Nothing should be left out when you copy the entries below.

*** Block opens ***

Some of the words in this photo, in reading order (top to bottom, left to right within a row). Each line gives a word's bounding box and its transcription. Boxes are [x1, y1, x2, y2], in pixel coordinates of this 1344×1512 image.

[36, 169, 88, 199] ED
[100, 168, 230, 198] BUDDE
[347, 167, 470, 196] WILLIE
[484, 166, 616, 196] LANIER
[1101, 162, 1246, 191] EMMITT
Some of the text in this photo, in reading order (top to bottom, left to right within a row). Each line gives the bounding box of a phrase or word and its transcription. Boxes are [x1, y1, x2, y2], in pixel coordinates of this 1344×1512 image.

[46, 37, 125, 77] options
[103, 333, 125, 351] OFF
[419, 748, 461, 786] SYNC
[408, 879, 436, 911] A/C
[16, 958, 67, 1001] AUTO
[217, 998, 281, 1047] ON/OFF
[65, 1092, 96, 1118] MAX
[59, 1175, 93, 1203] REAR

*** Block closes ***

_Result of this exercise_
Some of the words in this photo, in reading order (top to bottom, left to right within a row). Each line gives a word's bounding box and its transcription. Boxes are [x1, y1, x2, y2], in pixel coordinates of this 1344×1512 image.

[36, 169, 88, 199] ED
[100, 168, 230, 198] BUDDE
[347, 167, 470, 196] WILLIE
[484, 166, 616, 196] LANIER
[1101, 162, 1246, 191] EMMITT
Some of the text in this photo, in reading order (top to bottom, left to right within a row). Each line gives the bounding box of a phrase or word and its transcription. Boxes are [x1, y1, x2, y2], in pixel coordinates of this 1344×1512 image.

[46, 37, 125, 77] options
[103, 333, 125, 351] OFF
[419, 748, 461, 786] SYNC
[408, 879, 436, 911] A/C
[16, 958, 67, 1001] AUTO
[217, 998, 281, 1047] ON/OFF
[65, 1092, 96, 1118] MAX
[59, 1175, 93, 1203] REAR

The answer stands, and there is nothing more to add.